PROBLEM
When you reproduce the entries below, keep each one exact and drop any pictures.

BEGIN GIVEN DATA

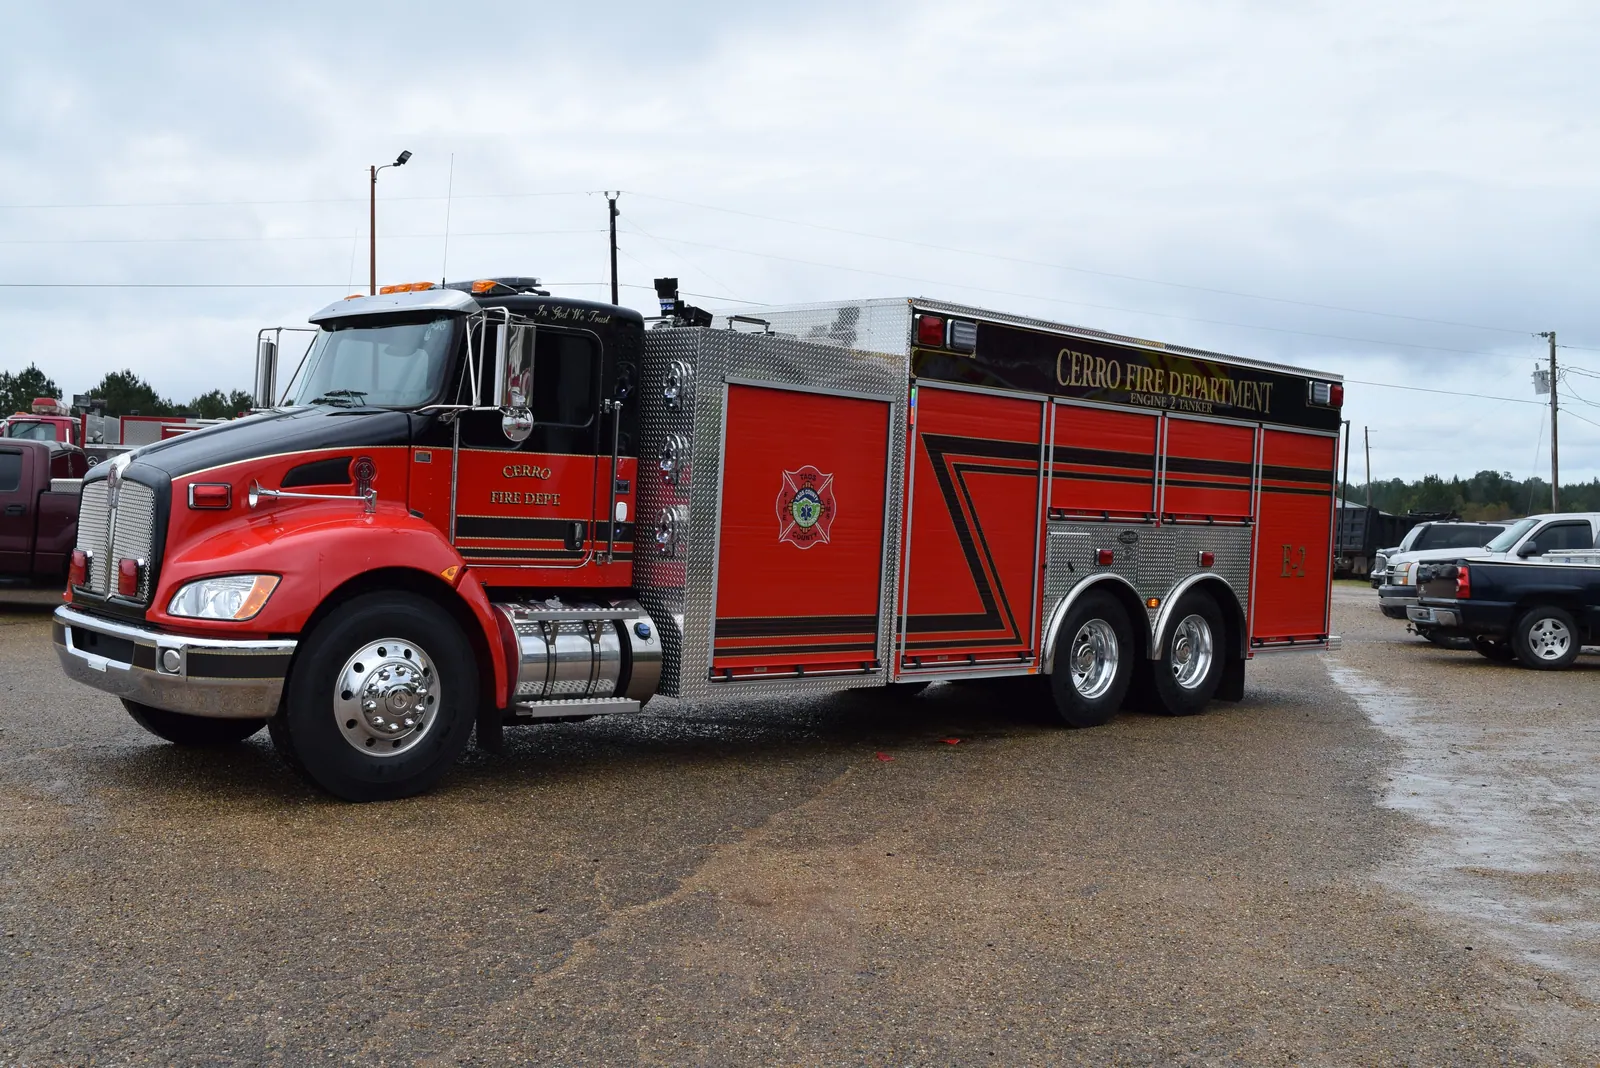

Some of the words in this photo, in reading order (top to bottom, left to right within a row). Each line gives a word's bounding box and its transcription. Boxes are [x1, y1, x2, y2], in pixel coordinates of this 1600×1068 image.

[535, 304, 548, 317] In
[551, 306, 571, 320] God
[572, 308, 585, 321] We
[588, 310, 611, 324] Trust
[1056, 348, 1121, 389] CERRO
[1125, 363, 1165, 394] FIRE
[1168, 371, 1274, 414] DEPARTMENT
[1130, 392, 1168, 408] ENGINE
[1169, 396, 1177, 410] 2
[1179, 398, 1213, 413] TANKER
[502, 464, 552, 480] CERRO
[490, 491, 522, 504] FIRE
[1280, 544, 1306, 578] E-2

END GIVEN DATA

ANSWER SPACE
Some of the words in this photo, in reading order (top to bottom, left to right within a row). Each line gives a word's bounding box and its transcription. Boxes are [x1, y1, x2, y2], in pixel coordinates of this 1600×1068 image.

[535, 304, 548, 317] In
[551, 306, 571, 320] God
[572, 308, 585, 321] We
[588, 310, 611, 324] Trust
[1056, 348, 1121, 389] CERRO
[1125, 363, 1165, 394] FIRE
[1168, 371, 1274, 414] DEPARTMENT
[1130, 392, 1168, 408] ENGINE
[1169, 396, 1177, 410] 2
[1179, 398, 1213, 413] TANKER
[502, 464, 552, 480] CERRO
[490, 491, 522, 504] FIRE
[1280, 544, 1306, 578] E-2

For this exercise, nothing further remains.